START Dataset excerpts

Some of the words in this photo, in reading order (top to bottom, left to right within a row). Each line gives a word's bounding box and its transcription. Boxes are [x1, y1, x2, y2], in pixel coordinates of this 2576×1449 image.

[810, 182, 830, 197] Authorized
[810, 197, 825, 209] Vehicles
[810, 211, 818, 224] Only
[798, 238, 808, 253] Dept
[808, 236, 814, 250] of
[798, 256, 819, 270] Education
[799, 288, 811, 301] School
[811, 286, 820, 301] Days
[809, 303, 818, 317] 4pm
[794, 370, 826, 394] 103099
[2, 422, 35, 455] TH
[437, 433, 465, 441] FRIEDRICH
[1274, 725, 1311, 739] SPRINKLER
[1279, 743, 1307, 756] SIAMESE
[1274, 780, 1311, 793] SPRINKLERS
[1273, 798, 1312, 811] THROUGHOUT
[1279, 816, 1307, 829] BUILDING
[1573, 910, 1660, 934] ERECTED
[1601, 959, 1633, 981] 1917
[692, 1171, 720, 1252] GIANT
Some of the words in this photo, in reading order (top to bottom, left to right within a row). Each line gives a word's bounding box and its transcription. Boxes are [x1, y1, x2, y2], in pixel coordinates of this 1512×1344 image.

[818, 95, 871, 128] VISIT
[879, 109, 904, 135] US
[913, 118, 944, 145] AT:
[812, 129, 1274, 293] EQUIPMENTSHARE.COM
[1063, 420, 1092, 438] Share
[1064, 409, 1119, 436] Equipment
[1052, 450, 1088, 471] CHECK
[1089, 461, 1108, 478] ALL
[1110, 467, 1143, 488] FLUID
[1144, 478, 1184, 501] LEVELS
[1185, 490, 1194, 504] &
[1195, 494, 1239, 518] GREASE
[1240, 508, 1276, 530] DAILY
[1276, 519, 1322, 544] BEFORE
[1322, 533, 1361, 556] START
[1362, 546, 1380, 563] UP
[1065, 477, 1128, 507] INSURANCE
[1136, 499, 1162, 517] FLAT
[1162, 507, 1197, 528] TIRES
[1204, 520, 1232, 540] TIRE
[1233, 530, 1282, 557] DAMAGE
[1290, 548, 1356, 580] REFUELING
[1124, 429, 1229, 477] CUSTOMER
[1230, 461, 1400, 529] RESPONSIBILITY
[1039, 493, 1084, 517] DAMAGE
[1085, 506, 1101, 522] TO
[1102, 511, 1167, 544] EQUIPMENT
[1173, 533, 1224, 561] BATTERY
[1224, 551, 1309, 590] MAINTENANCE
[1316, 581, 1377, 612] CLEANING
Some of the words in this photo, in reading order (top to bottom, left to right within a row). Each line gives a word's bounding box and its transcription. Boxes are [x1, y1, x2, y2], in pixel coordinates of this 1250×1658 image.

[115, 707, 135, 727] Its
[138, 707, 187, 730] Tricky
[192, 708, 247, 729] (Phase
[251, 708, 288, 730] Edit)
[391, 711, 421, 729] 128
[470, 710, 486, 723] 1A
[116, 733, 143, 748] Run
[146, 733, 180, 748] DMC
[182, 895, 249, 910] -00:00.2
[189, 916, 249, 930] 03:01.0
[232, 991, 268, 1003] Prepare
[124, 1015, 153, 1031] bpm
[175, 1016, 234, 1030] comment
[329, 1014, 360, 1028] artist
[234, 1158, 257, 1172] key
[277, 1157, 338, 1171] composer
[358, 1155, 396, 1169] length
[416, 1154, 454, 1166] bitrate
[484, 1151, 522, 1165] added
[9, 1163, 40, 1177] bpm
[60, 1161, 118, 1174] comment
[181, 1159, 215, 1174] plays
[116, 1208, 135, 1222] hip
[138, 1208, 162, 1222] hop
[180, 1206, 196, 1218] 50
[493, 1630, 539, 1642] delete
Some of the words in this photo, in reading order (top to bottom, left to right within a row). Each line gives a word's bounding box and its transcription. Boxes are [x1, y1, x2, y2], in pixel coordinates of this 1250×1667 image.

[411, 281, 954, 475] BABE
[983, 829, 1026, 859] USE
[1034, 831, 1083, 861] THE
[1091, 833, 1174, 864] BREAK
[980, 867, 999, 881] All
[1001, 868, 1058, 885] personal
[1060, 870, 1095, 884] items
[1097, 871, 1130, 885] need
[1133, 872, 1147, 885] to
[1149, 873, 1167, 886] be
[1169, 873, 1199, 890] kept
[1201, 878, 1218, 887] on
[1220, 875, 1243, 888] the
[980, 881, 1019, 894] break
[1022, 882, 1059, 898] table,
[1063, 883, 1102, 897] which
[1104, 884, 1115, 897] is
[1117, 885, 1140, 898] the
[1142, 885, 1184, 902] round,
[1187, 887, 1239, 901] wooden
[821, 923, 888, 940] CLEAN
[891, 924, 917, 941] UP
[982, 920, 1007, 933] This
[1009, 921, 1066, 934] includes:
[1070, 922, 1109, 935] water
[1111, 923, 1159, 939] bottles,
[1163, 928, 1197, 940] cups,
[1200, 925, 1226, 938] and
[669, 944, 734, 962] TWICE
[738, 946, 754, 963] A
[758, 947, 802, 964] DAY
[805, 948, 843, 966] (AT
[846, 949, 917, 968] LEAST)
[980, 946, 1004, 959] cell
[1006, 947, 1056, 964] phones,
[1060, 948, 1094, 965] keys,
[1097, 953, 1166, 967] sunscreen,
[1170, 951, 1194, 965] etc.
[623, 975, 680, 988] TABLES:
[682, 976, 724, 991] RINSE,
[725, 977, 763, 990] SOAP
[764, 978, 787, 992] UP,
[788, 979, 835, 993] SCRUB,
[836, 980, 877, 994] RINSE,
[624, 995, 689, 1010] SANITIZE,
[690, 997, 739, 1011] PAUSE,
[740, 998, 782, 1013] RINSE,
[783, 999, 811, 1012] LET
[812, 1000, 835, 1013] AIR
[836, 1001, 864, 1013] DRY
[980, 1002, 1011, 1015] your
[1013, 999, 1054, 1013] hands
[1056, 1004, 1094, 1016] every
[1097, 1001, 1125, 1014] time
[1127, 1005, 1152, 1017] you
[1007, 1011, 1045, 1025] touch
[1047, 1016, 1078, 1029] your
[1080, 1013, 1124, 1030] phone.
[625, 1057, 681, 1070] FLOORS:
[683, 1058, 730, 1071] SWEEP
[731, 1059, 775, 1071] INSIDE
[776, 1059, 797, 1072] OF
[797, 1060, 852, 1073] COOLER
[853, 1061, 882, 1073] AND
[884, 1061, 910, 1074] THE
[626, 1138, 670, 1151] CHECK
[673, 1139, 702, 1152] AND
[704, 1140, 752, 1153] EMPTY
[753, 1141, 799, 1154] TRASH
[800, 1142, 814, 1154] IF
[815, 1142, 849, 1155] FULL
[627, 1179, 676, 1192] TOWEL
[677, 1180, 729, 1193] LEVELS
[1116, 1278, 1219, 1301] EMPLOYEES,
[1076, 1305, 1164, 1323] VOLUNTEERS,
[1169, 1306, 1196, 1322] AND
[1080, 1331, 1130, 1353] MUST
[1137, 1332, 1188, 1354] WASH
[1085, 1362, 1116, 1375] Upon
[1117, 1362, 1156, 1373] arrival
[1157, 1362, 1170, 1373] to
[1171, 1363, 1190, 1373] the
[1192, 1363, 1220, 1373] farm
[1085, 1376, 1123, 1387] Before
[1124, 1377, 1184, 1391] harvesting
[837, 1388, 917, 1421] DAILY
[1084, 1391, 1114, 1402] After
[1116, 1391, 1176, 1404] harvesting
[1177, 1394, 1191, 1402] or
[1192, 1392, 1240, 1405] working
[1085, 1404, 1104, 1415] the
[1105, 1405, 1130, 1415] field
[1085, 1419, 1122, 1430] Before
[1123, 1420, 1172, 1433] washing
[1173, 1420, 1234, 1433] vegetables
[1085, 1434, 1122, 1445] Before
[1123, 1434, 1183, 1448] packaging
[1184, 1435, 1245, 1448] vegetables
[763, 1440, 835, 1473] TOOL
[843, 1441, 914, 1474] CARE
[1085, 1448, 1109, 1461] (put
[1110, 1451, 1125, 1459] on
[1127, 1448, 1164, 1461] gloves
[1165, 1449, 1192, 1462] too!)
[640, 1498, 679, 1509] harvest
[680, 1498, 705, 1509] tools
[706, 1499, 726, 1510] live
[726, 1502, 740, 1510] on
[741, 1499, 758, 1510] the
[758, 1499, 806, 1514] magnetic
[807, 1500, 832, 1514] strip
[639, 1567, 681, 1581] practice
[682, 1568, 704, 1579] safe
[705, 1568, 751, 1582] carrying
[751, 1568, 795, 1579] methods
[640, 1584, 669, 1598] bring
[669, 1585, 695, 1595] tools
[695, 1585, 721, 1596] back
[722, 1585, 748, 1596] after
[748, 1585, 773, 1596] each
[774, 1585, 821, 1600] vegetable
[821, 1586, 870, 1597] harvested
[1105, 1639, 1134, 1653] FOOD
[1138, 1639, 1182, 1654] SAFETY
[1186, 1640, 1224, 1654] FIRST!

END Dataset excerpts

▶ **What needs to be done**
Every line in the data that holds "left" should be copied out.

▶ **Reply**
Some of the words in this photo, in reading order (top to bottom, left to right within a row). Each line gives a word's bounding box and its transcription. Boxes are [x1, y1, x2, y2], in pixel coordinates of this 2576×1449 image.
Some of the words in this photo, in reading order (top to bottom, left to right within a row). Each line gives a word's bounding box and its transcription. Boxes are [x1, y1, x2, y2], in pixel coordinates of this 1512×1344 image.
Some of the words in this photo, in reading order (top to bottom, left to right within a row). Each line gives a word's bounding box and its transcription. Boxes are [x1, y1, x2, y2], in pixel coordinates of this 1250×1658 image.
Some of the words in this photo, in reading order (top to bottom, left to right within a row). Each line gives a word's bounding box and its transcription. Boxes are [x1, y1, x2, y2], in pixel coordinates of this 1250×1667 image.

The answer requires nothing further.